Monday, February 18, 2019

#MicroblogMondays: "Probably Mom"???

This image above popped up in my Facebook feed this weekend. I shared it with some of my childless/free friends to see if they had the same reaction I did. Which was:  "Umm... my name (and yours) might not be Mom -- but do any of you feel like YOU'RE being listened to??"

Because this is the unspoken flipside of the coin here, isn't it?  -- i.e., if you're a woman, and someone IS listening to you, your name probably ISN'T Mom.

To be clear, I don't believe whoever wrote that memo was thinking in terms of moms vs non-mothers. It was just one of those jokey things that parents say to each other, especially when they're having a rough day, right?

But (from my perspective as a childless woman) that's the point, isn't it??  Nobody tends to consider the childless/free, in a world where parents are in the majority.  It's not just that nobody's listening to us (and if you think your voice isn't being heard or doesn't count, try walking in our shoes as childless women...!);  nobody realizes that our experience might be different. It's generally just not on anybody's radar.

I'm sure it's true that a lot of (most?) moms don't feel listened to sometimes (especially by their kids!).  One wise childless friend noted that kids tend not to listen to their moms OR dads -- but "not being heard or listened to is a woman thing, for sure." 

Another noted this meme might be true in the context of parents speaking & children listening (or not!) -- she thought her goddaughters were (sometimes) more likely to listen to her than their own uncool parents ;)  -- but not so much in terms of women speaking & being listened to in society at large.

A few commenters on the original post noted this could also apply to a teacher.  (True.) A couple added, "Or wife!"  But nobody seemed to question the inherent pronatalism in the meme.

Realistically, I don't think motherhood (or non-motherhood) has much to do with it. If you're a woman and you don't feel like people are listening to you, it's likely because you're a woman, and women generally aren't listened to or taken seriously as much as men are.

What do you think?

You can find more of this week's #MicroblogMondays posts here.  


  1. Your last paragraph is definitely where I would start. If you're a woman, it is definitely harder to get people to listen to you. And depending where you are, maybe it is harder to be listened to if you're a mother. (As I've often said, my SIL discovered partners in her law firm stopped talking to her about cases, and started talking to her only about kids when she became a mother.)

    But again, you've nailed it. There's no discussion about the idea that if you're not a mother, you're also ignored. Your life and its value as well as your opinions.
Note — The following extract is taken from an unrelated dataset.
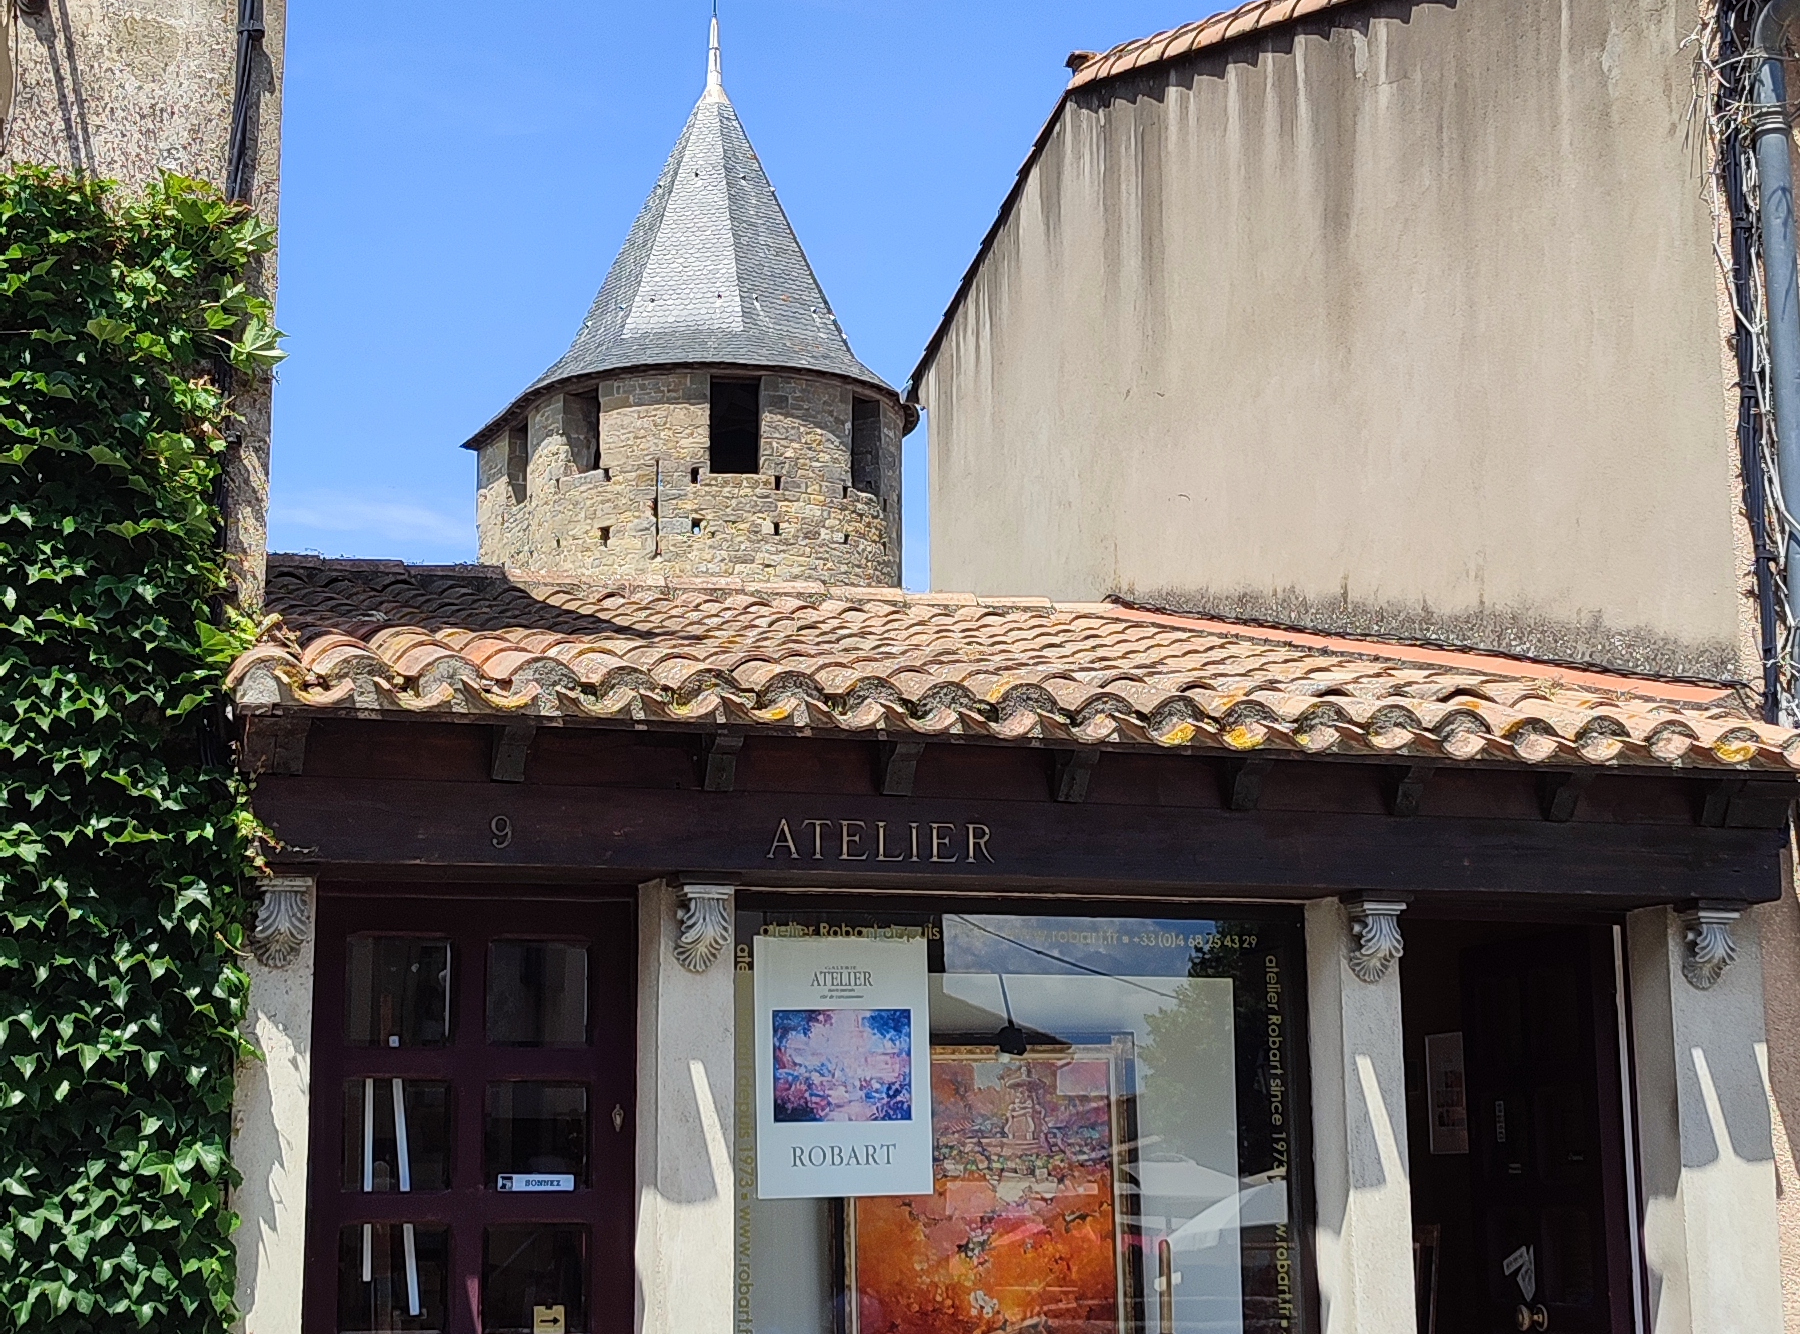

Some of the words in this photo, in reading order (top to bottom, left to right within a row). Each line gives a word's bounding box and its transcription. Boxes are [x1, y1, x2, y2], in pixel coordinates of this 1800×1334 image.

And especially, people parents are never going to listen to anything you have to say about families or children, regardless of whether you are making sense or have a valid point of view or are an expert or not.

  2. Ugghhhh. I agree that it could apply to a teacher, as just the other day I said, "I feel like I'm talking to myself... Hello?" And I was only 1/4 kidding. But there are LOTS of marginalized people who aren't listened to, not just mom's, and they Mom voice is often loud. Not necessarily heard by thirty kids, but by the rest of the world through "as a mother" or "Mommy club" type comments. Women aren't listened to as a whole, but childfree women? Our voices tend to get squashed in conversations about, oh, the future of our planet, politics, the state of education, reproductive rights, etc. Argh. I get your ire!
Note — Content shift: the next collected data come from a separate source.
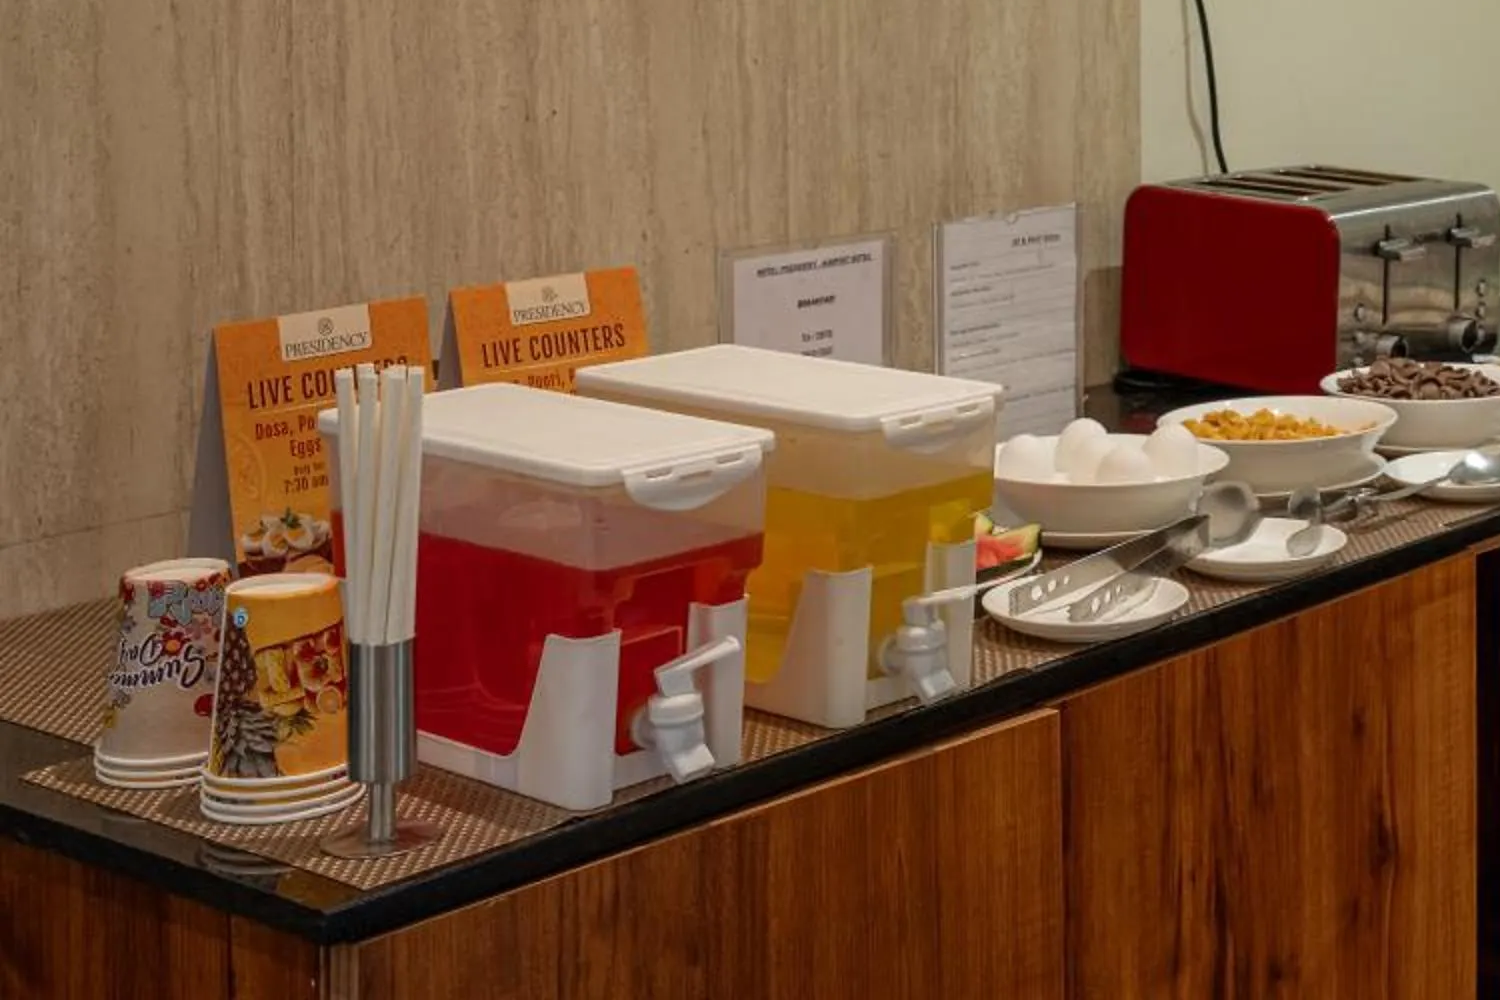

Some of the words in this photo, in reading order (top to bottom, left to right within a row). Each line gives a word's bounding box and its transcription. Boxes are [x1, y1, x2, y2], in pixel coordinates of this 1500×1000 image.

[514, 301, 585, 322] PRESIDENCY
[286, 332, 368, 358] PRESIDENCY
[481, 338, 522, 368] LIVE
[529, 323, 626, 361] COUNTERS
[247, 375, 294, 409] LIVE
[255, 421, 293, 440] Dosa,
[290, 438, 322, 459] Eggs
  3. I agree. It's not about the mom or non-mom, it's just women problem. But I think however the quote/meme is written for joke. It doesn't relate with mom or non-mom

  4. Ughhhhhhh. You're totally right that it's not a mom/non-mom problem. It's definitely a woman problem. I just finished reading "Women & Power: A Manifesto" by Mary Beard and she talks about the silencing of women in classical Greco/Roman/historical context - that the simple act of *speaking in public* was considered unwomanly and how in classical literature men hasten to silence women's speech (and how that's still playing out today).

    I would also agree that women who do not have children are often silenced even more than women in general. Because speaking out on behalf of children is one of the few places women (sometimes) can accrue a bit of following/power. It's definitely limited in scope and tends to be more honorific than actual (and, in the US, is often limited to white women rather than women of color), but it's a real thing. So I hear you on that one for sure. I wish the meme was written to be more inclusive of *all* women - because it definitely applies.